== RECORDED DATA ==

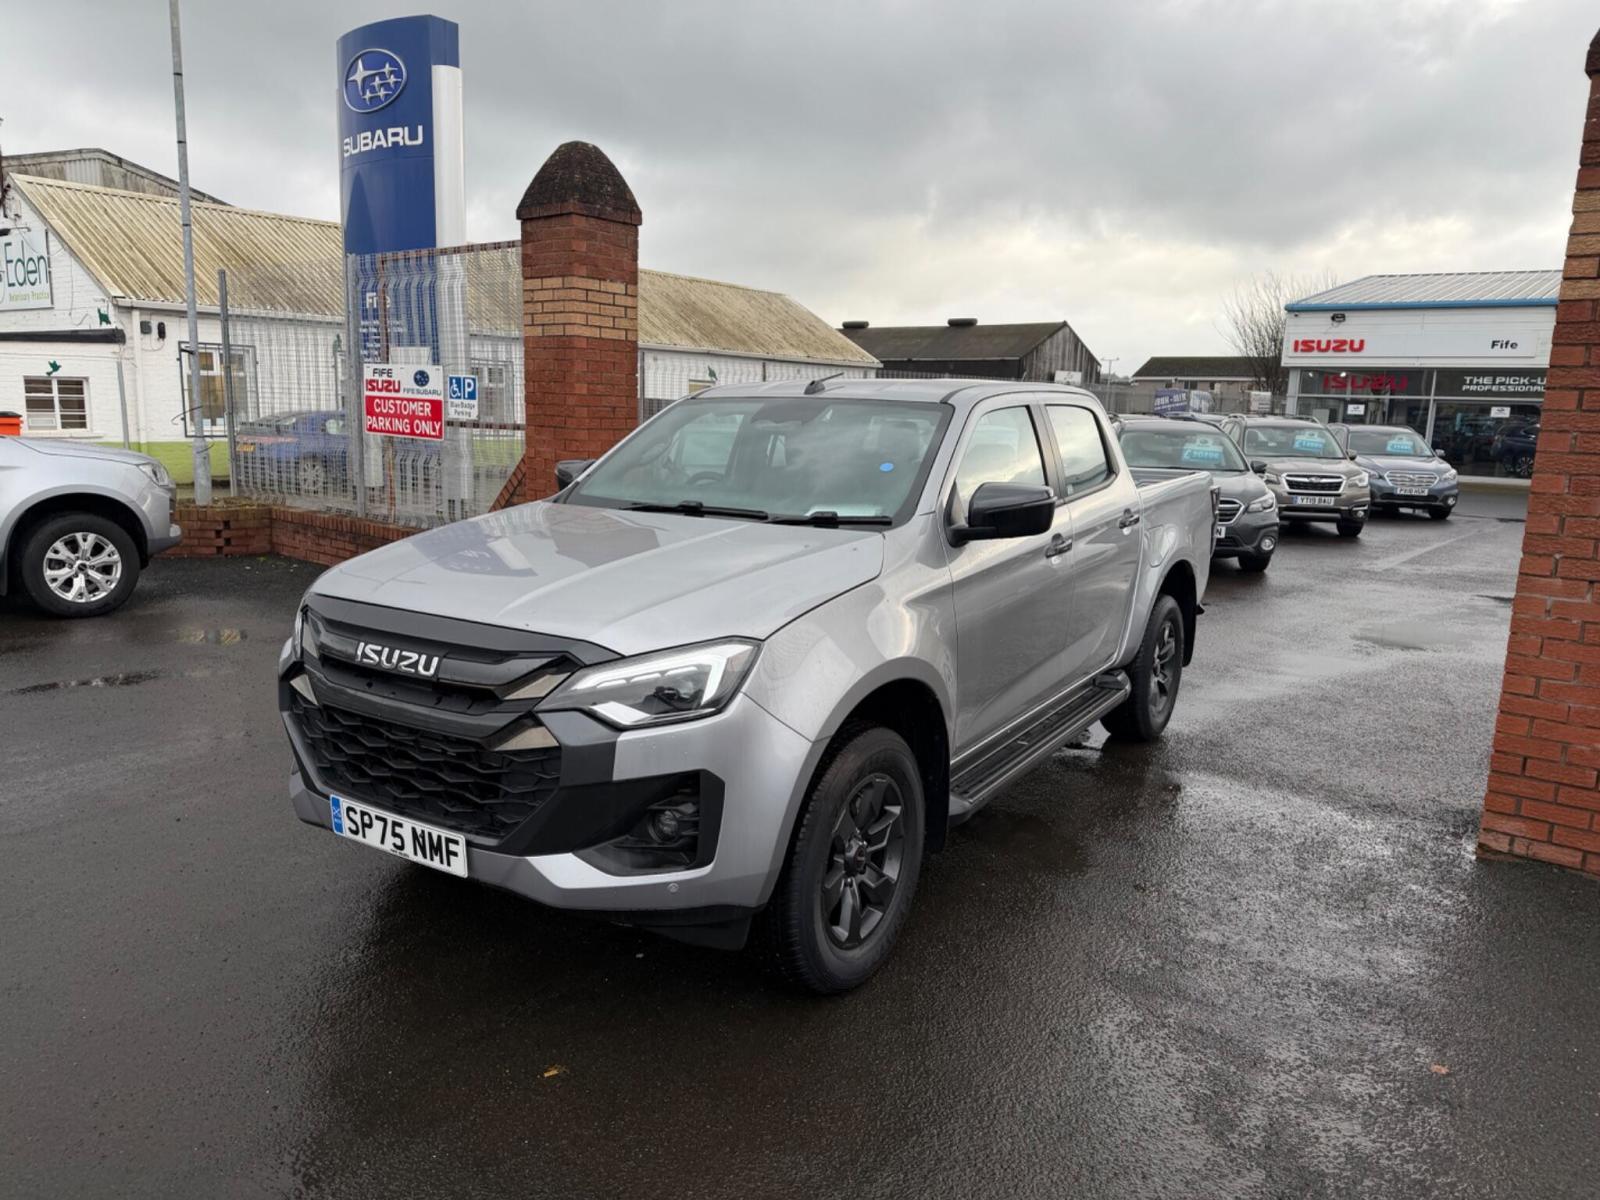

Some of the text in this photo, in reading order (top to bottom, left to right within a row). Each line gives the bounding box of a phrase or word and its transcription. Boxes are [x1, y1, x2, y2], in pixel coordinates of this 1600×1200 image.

[343, 125, 424, 157] SUBARU
[4, 240, 49, 287] Eden
[1293, 339, 1366, 353] ISUZU
[1490, 340, 1518, 350] Fife
[372, 367, 394, 378] FIFE
[1463, 376, 1493, 385] THE
[365, 378, 401, 393] ISUZU
[464, 378, 475, 399] P
[373, 398, 432, 417] CUSTOMER
[366, 415, 441, 436] PARKING ONLY
[356, 642, 440, 677] ISUZU
[346, 806, 460, 868] SP75 NMF

===

**WHAT IS BEING ASKED:** Omit the pictures; print the records above exactly.

**TASK OUTPUT:**
Some of the text in this photo, in reading order (top to bottom, left to right within a row). Each line gives the bounding box of a phrase or word and its transcription. Boxes are [x1, y1, x2, y2], in pixel coordinates of this 1600×1200 image.

[343, 125, 424, 157] SUBARU
[4, 240, 49, 287] Eden
[1293, 339, 1366, 353] ISUZU
[1490, 340, 1518, 350] Fife
[372, 367, 394, 378] FIFE
[1463, 376, 1493, 385] THE
[365, 378, 401, 393] ISUZU
[464, 378, 475, 399] P
[373, 398, 432, 417] CUSTOMER
[366, 415, 441, 436] PARKING ONLY
[356, 642, 440, 677] ISUZU
[346, 806, 460, 868] SP75 NMF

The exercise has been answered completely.